Co-simulation – also called solver or simulator coupling – is a frequently used numerical technique to couple two or more solvers in time domain. One major field of application for co-simulation methods is the analysis of multi-disciplinary problems.

Usually, specialized simulation codes exist for different physical disciplines, e.g. FEM codes for structural dynamics analyses, CFD codes for fluid dynamic problems or multibody codes for the dynamic analysis of mechanisms. In order to simulate a coupled multidisciplinary problem, the different codes can be coupled by means of an appropriate co-simulation approach. Simulator coupling is, for instance, successfully applied in the field of fluid/structure interaction, for coupling multibody and hydraulic systems or in the analysis of electromechanical systems. Solver coupling may, however, also be used to analyze monodisciplinary problems in order to parallelize the simulation process.

On the one hand, the symposium focuses on recent advances in the development of numerical methods for solver coupling. Of current interest are – amongst others – the following subjects:

  • New explicit, implicit and semi-implicit co-simulation methods (with improved efficiency, accuracy and stability behavior),
  • New approaches for realizing variable communication-time grids,
  • Advances in the stability and convergence analysis of solver coupling methods.

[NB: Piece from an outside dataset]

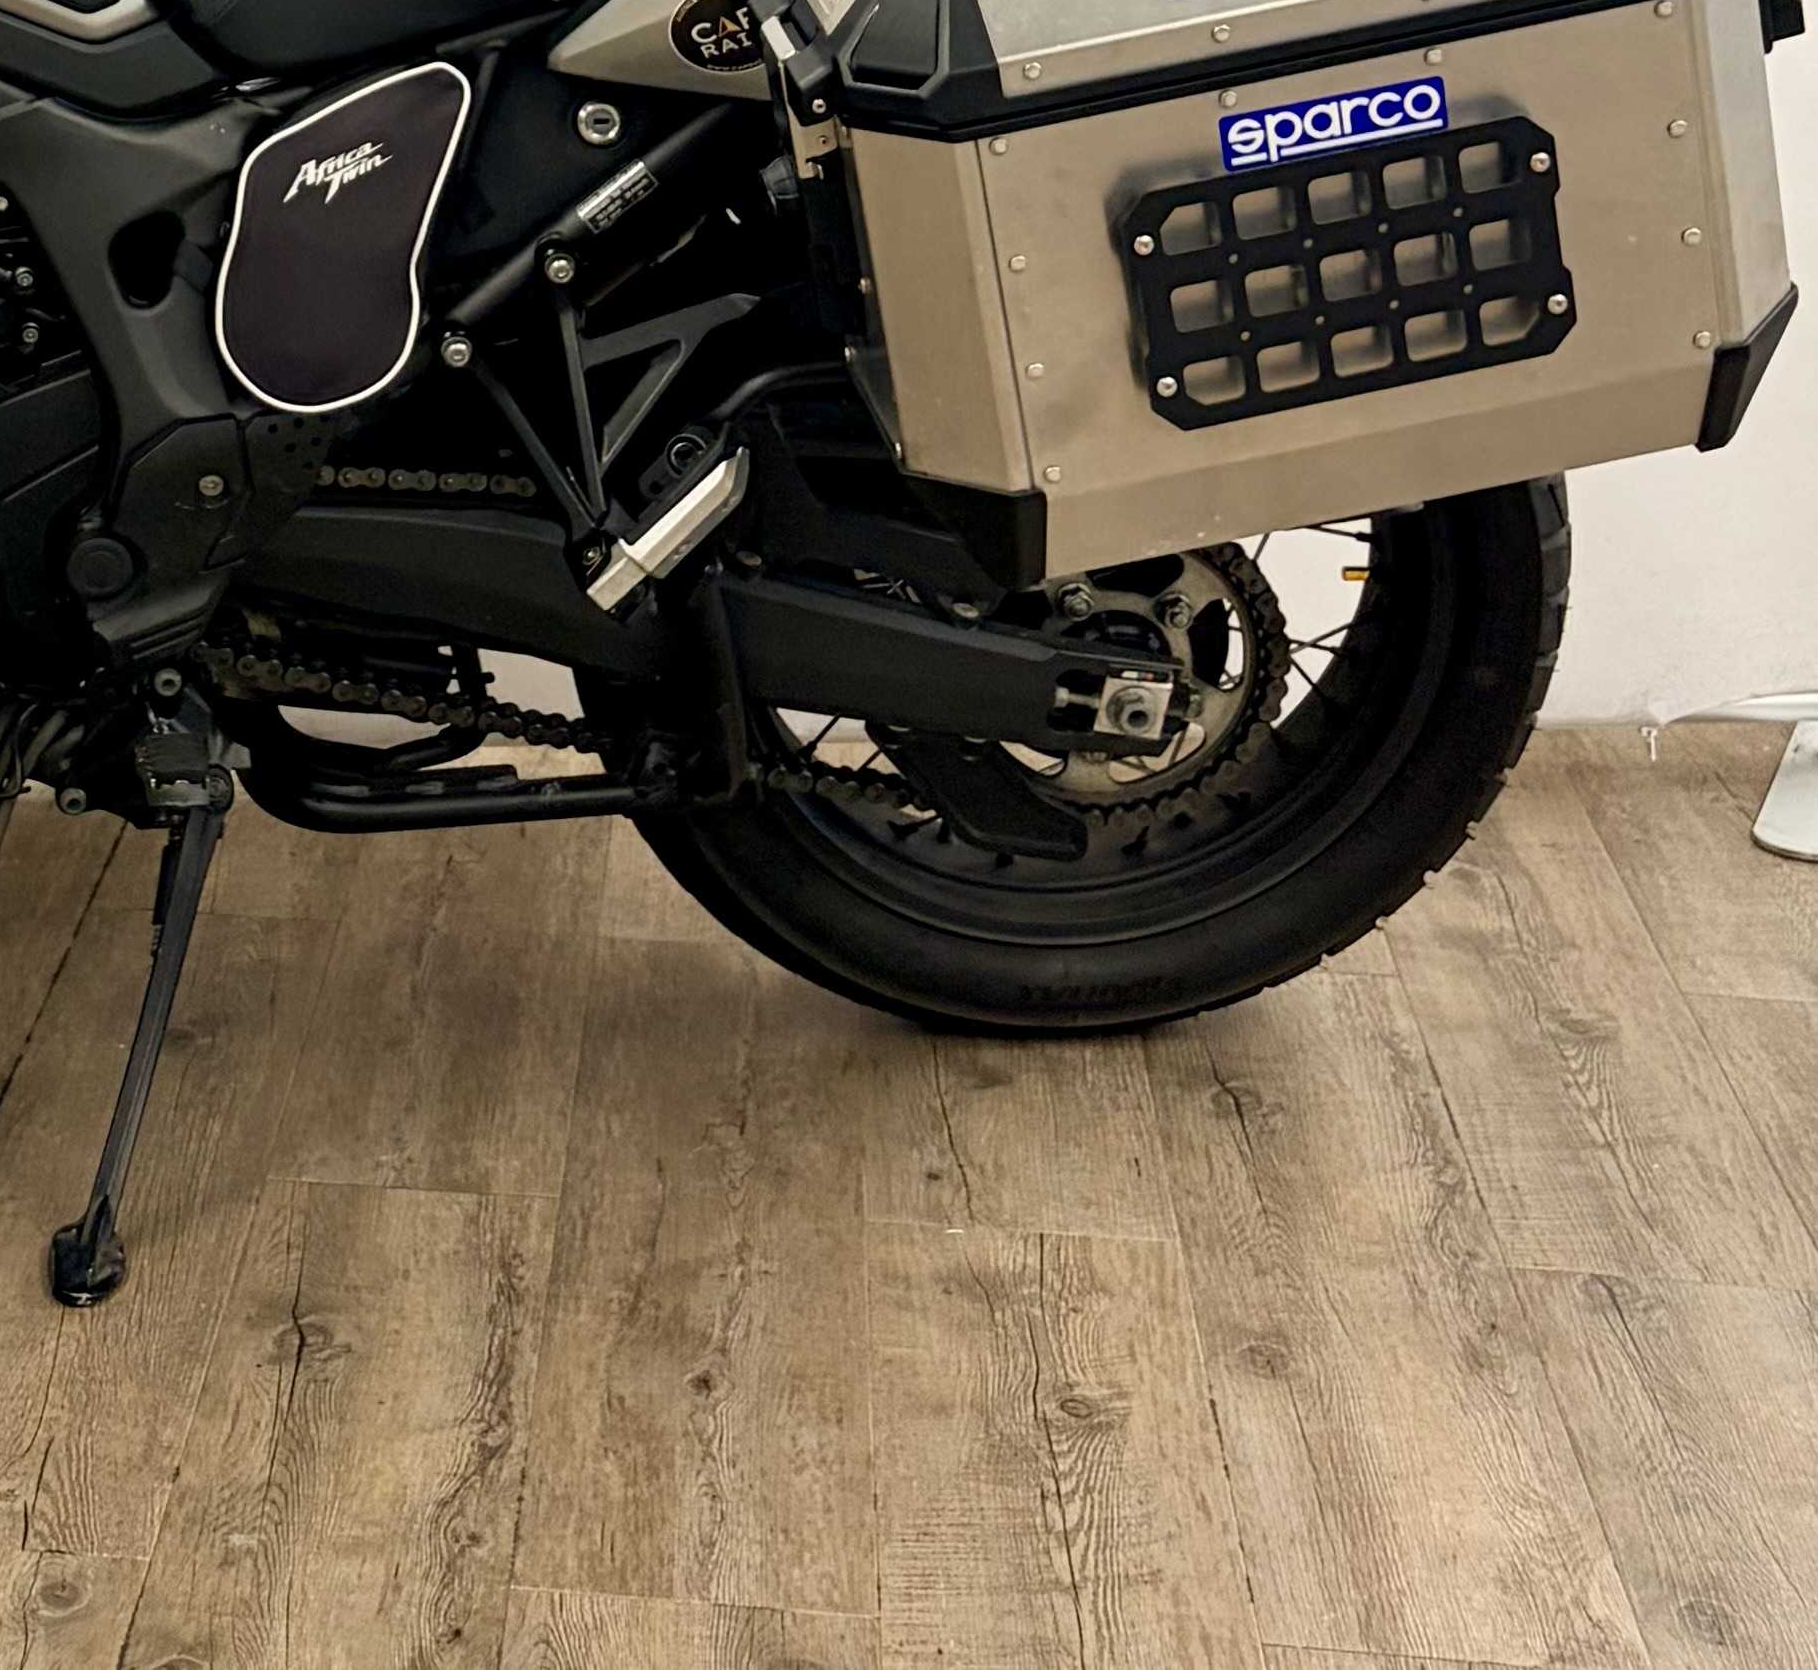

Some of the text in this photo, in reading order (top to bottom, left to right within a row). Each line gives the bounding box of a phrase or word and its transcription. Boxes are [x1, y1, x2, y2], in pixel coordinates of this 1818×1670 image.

On the other hand, the symposium will pick up recent developments in the practical application of co-simulation methods. Of present interest are for instance the following topics:

  • New fields of application for solver coupling approaches,
  • New developments in the parallelization of dynamic models with co-simulation techniques,
  • Standardization of co-simulation interfaces, i.e. standardization of data and model exchange.

Bringing together experts in these different fields from many working groups from all over the world will enable us to review the state of the art, to discuss further activities, to open problems and to promote common research initiatives for the future.